:: TASK DETAILS ::
Print each of the records below, leaving every word as it is.

:: EXERCISE MATERIALS ::
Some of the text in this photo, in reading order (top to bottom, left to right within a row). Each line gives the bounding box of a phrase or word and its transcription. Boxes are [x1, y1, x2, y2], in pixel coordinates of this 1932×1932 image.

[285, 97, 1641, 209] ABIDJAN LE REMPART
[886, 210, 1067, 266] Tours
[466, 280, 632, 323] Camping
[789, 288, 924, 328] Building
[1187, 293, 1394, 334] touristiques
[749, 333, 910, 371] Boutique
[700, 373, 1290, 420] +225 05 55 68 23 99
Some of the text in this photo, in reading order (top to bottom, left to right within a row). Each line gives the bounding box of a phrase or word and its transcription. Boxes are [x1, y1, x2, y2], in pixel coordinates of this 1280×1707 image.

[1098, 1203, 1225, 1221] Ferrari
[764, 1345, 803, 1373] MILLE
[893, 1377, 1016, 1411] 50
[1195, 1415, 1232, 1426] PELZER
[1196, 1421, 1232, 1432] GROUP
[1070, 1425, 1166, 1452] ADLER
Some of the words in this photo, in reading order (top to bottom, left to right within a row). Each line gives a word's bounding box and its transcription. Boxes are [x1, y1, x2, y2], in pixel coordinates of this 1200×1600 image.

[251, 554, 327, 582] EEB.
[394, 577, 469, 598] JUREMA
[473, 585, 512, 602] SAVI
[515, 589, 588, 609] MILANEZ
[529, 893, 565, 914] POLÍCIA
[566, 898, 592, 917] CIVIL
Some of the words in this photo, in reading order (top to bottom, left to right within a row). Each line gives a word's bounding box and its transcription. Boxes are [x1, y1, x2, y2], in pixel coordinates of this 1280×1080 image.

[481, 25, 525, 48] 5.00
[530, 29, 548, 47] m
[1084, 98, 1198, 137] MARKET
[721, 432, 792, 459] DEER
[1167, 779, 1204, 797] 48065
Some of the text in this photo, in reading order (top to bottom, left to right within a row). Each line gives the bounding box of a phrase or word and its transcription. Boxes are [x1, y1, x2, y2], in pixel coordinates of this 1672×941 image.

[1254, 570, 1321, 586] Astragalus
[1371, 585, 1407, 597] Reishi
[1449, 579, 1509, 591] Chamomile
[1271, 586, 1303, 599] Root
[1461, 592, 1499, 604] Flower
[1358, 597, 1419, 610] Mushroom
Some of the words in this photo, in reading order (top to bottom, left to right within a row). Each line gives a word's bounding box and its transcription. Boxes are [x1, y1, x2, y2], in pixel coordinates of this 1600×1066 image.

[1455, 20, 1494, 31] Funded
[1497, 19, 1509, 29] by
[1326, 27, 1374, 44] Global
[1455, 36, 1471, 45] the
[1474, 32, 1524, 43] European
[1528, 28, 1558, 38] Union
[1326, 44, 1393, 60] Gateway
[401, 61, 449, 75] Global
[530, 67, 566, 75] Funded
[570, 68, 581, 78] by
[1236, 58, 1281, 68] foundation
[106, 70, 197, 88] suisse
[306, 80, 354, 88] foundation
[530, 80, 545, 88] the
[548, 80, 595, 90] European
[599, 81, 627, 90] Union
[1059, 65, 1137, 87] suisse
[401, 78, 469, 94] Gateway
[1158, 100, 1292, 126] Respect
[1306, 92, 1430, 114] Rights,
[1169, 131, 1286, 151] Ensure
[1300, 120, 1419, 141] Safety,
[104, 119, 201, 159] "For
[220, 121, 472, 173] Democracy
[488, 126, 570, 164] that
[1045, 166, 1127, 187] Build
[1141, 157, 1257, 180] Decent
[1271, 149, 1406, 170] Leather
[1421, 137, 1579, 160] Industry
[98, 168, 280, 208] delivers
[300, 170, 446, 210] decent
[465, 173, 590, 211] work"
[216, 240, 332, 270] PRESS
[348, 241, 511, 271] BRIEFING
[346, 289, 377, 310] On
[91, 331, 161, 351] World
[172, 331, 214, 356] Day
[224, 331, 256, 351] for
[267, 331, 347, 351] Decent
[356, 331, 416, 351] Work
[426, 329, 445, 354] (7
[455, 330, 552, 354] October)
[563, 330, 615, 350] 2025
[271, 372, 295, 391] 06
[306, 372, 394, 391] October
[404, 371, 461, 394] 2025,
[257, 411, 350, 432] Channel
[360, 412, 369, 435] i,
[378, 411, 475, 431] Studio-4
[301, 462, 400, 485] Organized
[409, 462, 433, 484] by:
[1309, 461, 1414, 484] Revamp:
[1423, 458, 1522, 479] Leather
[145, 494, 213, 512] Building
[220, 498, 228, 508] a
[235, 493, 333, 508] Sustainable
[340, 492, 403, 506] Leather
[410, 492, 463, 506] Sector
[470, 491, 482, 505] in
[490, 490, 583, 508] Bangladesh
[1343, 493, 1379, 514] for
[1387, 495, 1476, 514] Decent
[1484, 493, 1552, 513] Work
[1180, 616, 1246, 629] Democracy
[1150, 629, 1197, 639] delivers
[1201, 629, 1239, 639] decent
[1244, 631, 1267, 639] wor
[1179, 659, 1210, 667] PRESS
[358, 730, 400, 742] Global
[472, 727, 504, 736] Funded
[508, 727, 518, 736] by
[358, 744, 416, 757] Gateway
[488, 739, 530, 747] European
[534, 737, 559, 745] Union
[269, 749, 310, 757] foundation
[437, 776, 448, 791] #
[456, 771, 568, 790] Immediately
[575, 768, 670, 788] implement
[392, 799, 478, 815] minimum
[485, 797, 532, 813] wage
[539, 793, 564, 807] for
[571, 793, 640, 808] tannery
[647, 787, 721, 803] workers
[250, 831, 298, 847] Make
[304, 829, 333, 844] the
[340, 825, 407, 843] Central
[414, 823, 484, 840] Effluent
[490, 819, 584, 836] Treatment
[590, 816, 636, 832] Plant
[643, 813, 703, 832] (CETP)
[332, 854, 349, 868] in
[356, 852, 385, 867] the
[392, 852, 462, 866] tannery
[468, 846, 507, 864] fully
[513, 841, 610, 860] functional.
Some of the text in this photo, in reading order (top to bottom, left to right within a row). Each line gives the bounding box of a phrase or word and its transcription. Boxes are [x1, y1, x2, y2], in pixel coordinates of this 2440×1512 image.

:: REPLY TO THE TASK ::
Some of the text in this photo, in reading order (top to bottom, left to right within a row). Each line gives the bounding box of a phrase or word and its transcription. Boxes are [x1, y1, x2, y2], in pixel coordinates of this 1932×1932 image.

[285, 97, 1641, 209] ABIDJAN LE REMPART
[886, 210, 1067, 266] Tours
[466, 280, 632, 323] Camping
[789, 288, 924, 328] Building
[1187, 293, 1394, 334] touristiques
[749, 333, 910, 371] Boutique
[700, 373, 1290, 420] +225 05 55 68 23 99
Some of the text in this photo, in reading order (top to bottom, left to right within a row). Each line gives the bounding box of a phrase or word and its transcription. Boxes are [x1, y1, x2, y2], in pixel coordinates of this 1280×1707 image.

[1098, 1203, 1225, 1221] Ferrari
[764, 1345, 803, 1373] MILLE
[893, 1377, 1016, 1411] 50
[1195, 1415, 1232, 1426] PELZER
[1196, 1421, 1232, 1432] GROUP
[1070, 1425, 1166, 1452] ADLER
Some of the words in this photo, in reading order (top to bottom, left to right within a row). Each line gives a word's bounding box and its transcription. Boxes are [x1, y1, x2, y2], in pixel coordinates of this 1200×1600 image.

[251, 554, 327, 582] EEB.
[394, 577, 469, 598] JUREMA
[473, 585, 512, 602] SAVI
[515, 589, 588, 609] MILANEZ
[529, 893, 565, 914] POLÍCIA
[566, 898, 592, 917] CIVIL
Some of the words in this photo, in reading order (top to bottom, left to right within a row). Each line gives a word's bounding box and its transcription. Boxes are [x1, y1, x2, y2], in pixel coordinates of this 1280×1080 image.

[481, 25, 525, 48] 5.00
[530, 29, 548, 47] m
[1084, 98, 1198, 137] MARKET
[721, 432, 792, 459] DEER
[1167, 779, 1204, 797] 48065
Some of the text in this photo, in reading order (top to bottom, left to right within a row). Each line gives the bounding box of a phrase or word and its transcription. Boxes are [x1, y1, x2, y2], in pixel coordinates of this 1672×941 image.

[1254, 570, 1321, 586] Astragalus
[1371, 585, 1407, 597] Reishi
[1449, 579, 1509, 591] Chamomile
[1271, 586, 1303, 599] Root
[1461, 592, 1499, 604] Flower
[1358, 597, 1419, 610] Mushroom
Some of the words in this photo, in reading order (top to bottom, left to right within a row). Each line gives a word's bounding box and its transcription. Boxes are [x1, y1, x2, y2], in pixel coordinates of this 1600×1066 image.

[1455, 20, 1494, 31] Funded
[1497, 19, 1509, 29] by
[1326, 27, 1374, 44] Global
[1455, 36, 1471, 45] the
[1474, 32, 1524, 43] European
[1528, 28, 1558, 38] Union
[1326, 44, 1393, 60] Gateway
[401, 61, 449, 75] Global
[530, 67, 566, 75] Funded
[570, 68, 581, 78] by
[1236, 58, 1281, 68] foundation
[106, 70, 197, 88] suisse
[306, 80, 354, 88] foundation
[530, 80, 545, 88] the
[548, 80, 595, 90] European
[599, 81, 627, 90] Union
[1059, 65, 1137, 87] suisse
[401, 78, 469, 94] Gateway
[1158, 100, 1292, 126] Respect
[1306, 92, 1430, 114] Rights,
[1169, 131, 1286, 151] Ensure
[1300, 120, 1419, 141] Safety,
[104, 119, 201, 159] "For
[220, 121, 472, 173] Democracy
[488, 126, 570, 164] that
[1045, 166, 1127, 187] Build
[1141, 157, 1257, 180] Decent
[1271, 149, 1406, 170] Leather
[1421, 137, 1579, 160] Industry
[98, 168, 280, 208] delivers
[300, 170, 446, 210] decent
[465, 173, 590, 211] work"
[216, 240, 332, 270] PRESS
[348, 241, 511, 271] BRIEFING
[346, 289, 377, 310] On
[91, 331, 161, 351] World
[172, 331, 214, 356] Day
[224, 331, 256, 351] for
[267, 331, 347, 351] Decent
[356, 331, 416, 351] Work
[426, 329, 445, 354] (7
[455, 330, 552, 354] October)
[563, 330, 615, 350] 2025
[271, 372, 295, 391] 06
[306, 372, 394, 391] October
[404, 371, 461, 394] 2025,
[257, 411, 350, 432] Channel
[360, 412, 369, 435] i,
[378, 411, 475, 431] Studio-4
[301, 462, 400, 485] Organized
[409, 462, 433, 484] by:
[1309, 461, 1414, 484] Revamp:
[1423, 458, 1522, 479] Leather
[145, 494, 213, 512] Building
[220, 498, 228, 508] a
[235, 493, 333, 508] Sustainable
[340, 492, 403, 506] Leather
[410, 492, 463, 506] Sector
[470, 491, 482, 505] in
[490, 490, 583, 508] Bangladesh
[1343, 493, 1379, 514] for
[1387, 495, 1476, 514] Decent
[1484, 493, 1552, 513] Work
[1180, 616, 1246, 629] Democracy
[1150, 629, 1197, 639] delivers
[1201, 629, 1239, 639] decent
[1244, 631, 1267, 639] wor
[1179, 659, 1210, 667] PRESS
[358, 730, 400, 742] Global
[472, 727, 504, 736] Funded
[508, 727, 518, 736] by
[358, 744, 416, 757] Gateway
[488, 739, 530, 747] European
[534, 737, 559, 745] Union
[269, 749, 310, 757] foundation
[437, 776, 448, 791] #
[456, 771, 568, 790] Immediately
[575, 768, 670, 788] implement
[392, 799, 478, 815] minimum
[485, 797, 532, 813] wage
[539, 793, 564, 807] for
[571, 793, 640, 808] tannery
[647, 787, 721, 803] workers
[250, 831, 298, 847] Make
[304, 829, 333, 844] the
[340, 825, 407, 843] Central
[414, 823, 484, 840] Effluent
[490, 819, 584, 836] Treatment
[590, 816, 636, 832] Plant
[643, 813, 703, 832] (CETP)
[332, 854, 349, 868] in
[356, 852, 385, 867] the
[392, 852, 462, 866] tannery
[468, 846, 507, 864] fully
[513, 841, 610, 860] functional.
Some of the text in this photo, in reading order (top to bottom, left to right within a row). Each line gives the bounding box of a phrase or word and its transcription. Boxes are [x1, y1, x2, y2], in pixel coordinates of this 2440×1512 image.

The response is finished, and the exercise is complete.